Saint Paul, MN — In a surprise move, the Saint Paul City Council voted yesterday to opt out of Daylight Savings Time effective immediately. The 6 to 1 vote came right before the city officially “gave up” and ended its status as a municipality.

In their last action as an official City Council, the formerly civic body adopted Resolution 25.3.15b, which declares the former city to be free from the biannual temporal shift. According to former city attorney Jason Velveeta, who testified at the surprisingly short hearing, the time re-un-change is legally binding. The ordinance officially makes Saint Paul the first city in America to remove itself from the Daylight Savings Time, which has been in place since 1918.

“The good citizens of Saint Paul have had it with the aggravation of resetting our clocks every six months,” said Council Member Dan Bostrom, the ordinance’s sponsor, just before (and after) the vote. “We’re supposed to be America’s Most Livable City, but I’ve never been able to figure out how to change the clock on my car. That thing is impossible, even if you read the manual, which I don’t,” he continued before calling the ordinance to a vote. “If we’re going to give up, we might as well do some good first. Those buttons are tiny,” he added.

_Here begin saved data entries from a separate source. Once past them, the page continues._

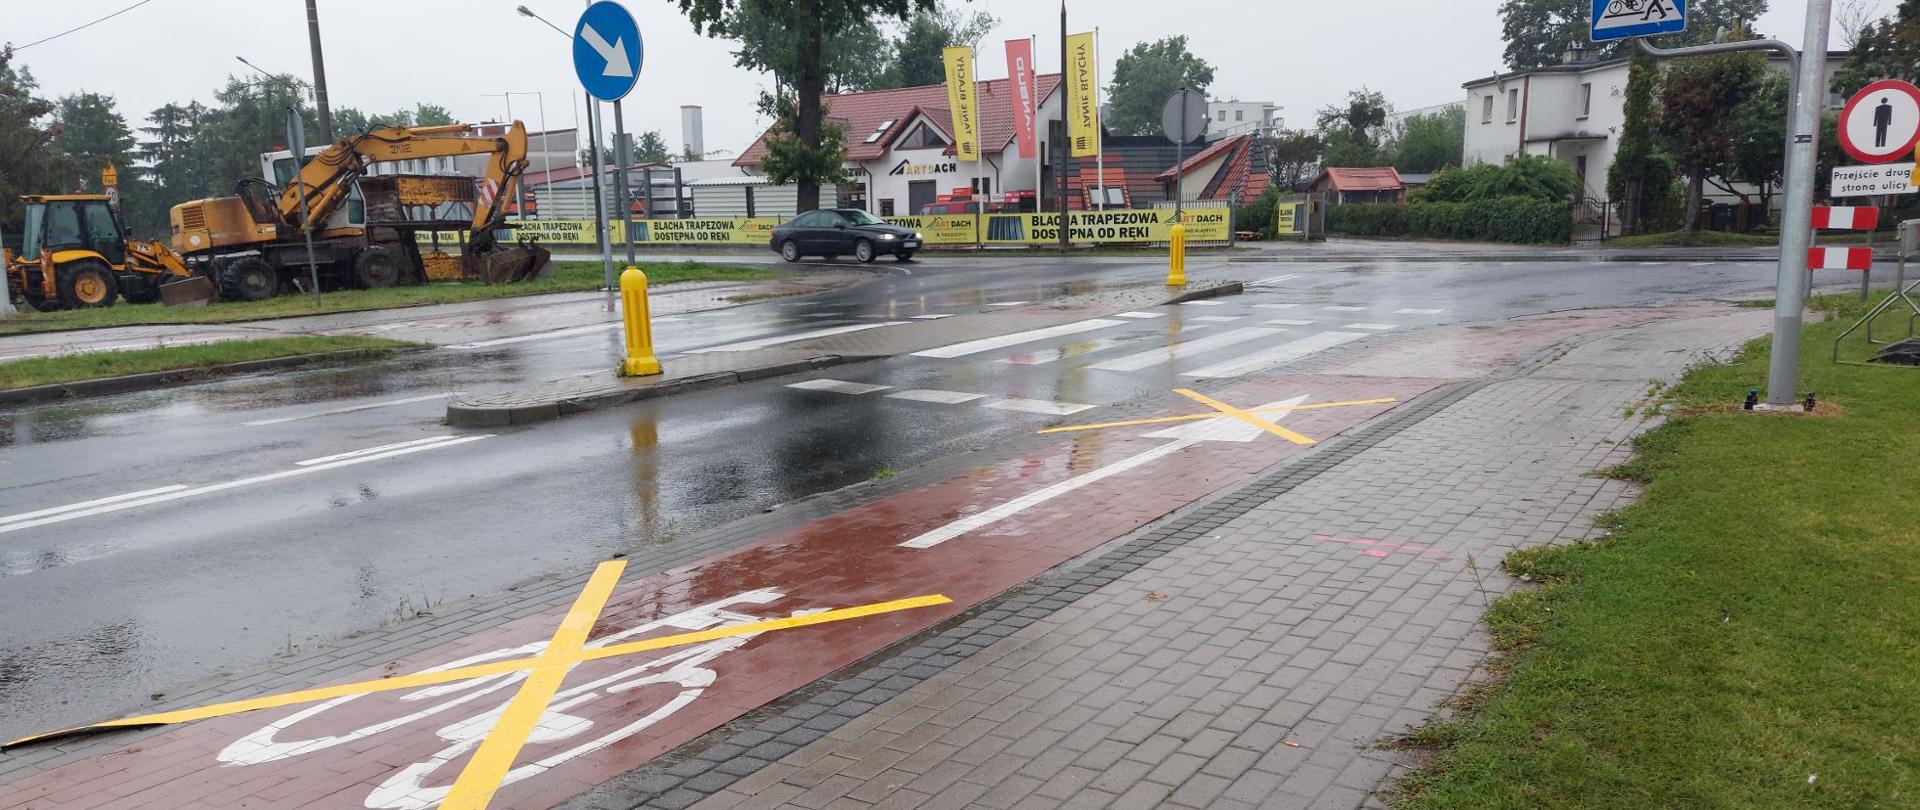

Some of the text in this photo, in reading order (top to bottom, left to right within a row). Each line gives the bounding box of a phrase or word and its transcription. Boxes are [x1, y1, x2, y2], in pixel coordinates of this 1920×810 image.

[1885, 168, 1911, 179] drug
[1882, 180, 1907, 191] ulicy
[1032, 213, 1158, 226] BLACA TRAPEZOWA
[542, 222, 583, 231] TRAPEZOWA
[654, 220, 735, 231] BLACHA TRAPEZOWA
[696, 231, 708, 241] OD
[1032, 227, 1149, 240] DOSTPNA OD RĘKI

The movement to end Daylight Savings Time in Saint Paul came as a triumph for local preservation activists, who have long argued that Daylight Savings Time does not reflect the historic character of the city. “Saint Paul is a special place, and we want our clocks to reflect our heritage,” said Jill Hoskillo, co-president of the Saint Paul Lowertown Historic Resource Preservation Economic Committee Commission Association  at a brief press conference after (and before) the meeting. “When this city’s historic resources were constructed, Daylight Savings Time didn’t exist,” she continued, pausing to wind her antique pocketwatch. “Why not turn back the clock literally, as well as figuratively?”

News of the time change trickled slowly through the city, and created havoc in some places. Because of its location on the exact border between Saint Paul and its neighboring Western suburb, the KSTP news broadcast was forced to consolidate half its 5:00 news into its 6:00 news, as well as re-broadcasting its 6:00 news at 5:00 twice per day in an Eastbound direction. “It’s a bit frustrating.” said local news anchor Petunia Leeway. “I have to say everything twice. Once really quickly, before slowing way down and saying it all again.” Leeway then repeated herself in an extremely odd manner.

But not everyone was annoyed by the sudden change. Planners at Metro Transit seemed pleased. “Yesterday, all of a sudden, all our Westbound buses stopped running late,” said Metro Transit spokesperson Drewseph Rekk. “In fact, many of our crosstown routes were early. Two of them arrived before they had departed, somehow.” Rekk added that they were still slow, and that Eastbound buses did not seem as fortunate. Officials at Amtrak did not seem to notice the shift.

Local media news driver Joe Soucheray also commented on his daily radio performance, suggesting that the end of Daylight Savings Time was long overdue. “It’s about time,” he said repeatedly. “What savings of daylight? For every hour you gain in evening daylight, you lose an hour of morning light,” Soucheray continued. “When I was a kid, we didn’t let big government tell us what time it was. Back then, Saint Paul was a real city, a man’s man’s city, and we set our own clocks. In fact, we made our own clocks out of spare parts we found around the house. I can’t wait to tell those pinheads at the State Capitol that their precious legislative session is ending an hour early this year.”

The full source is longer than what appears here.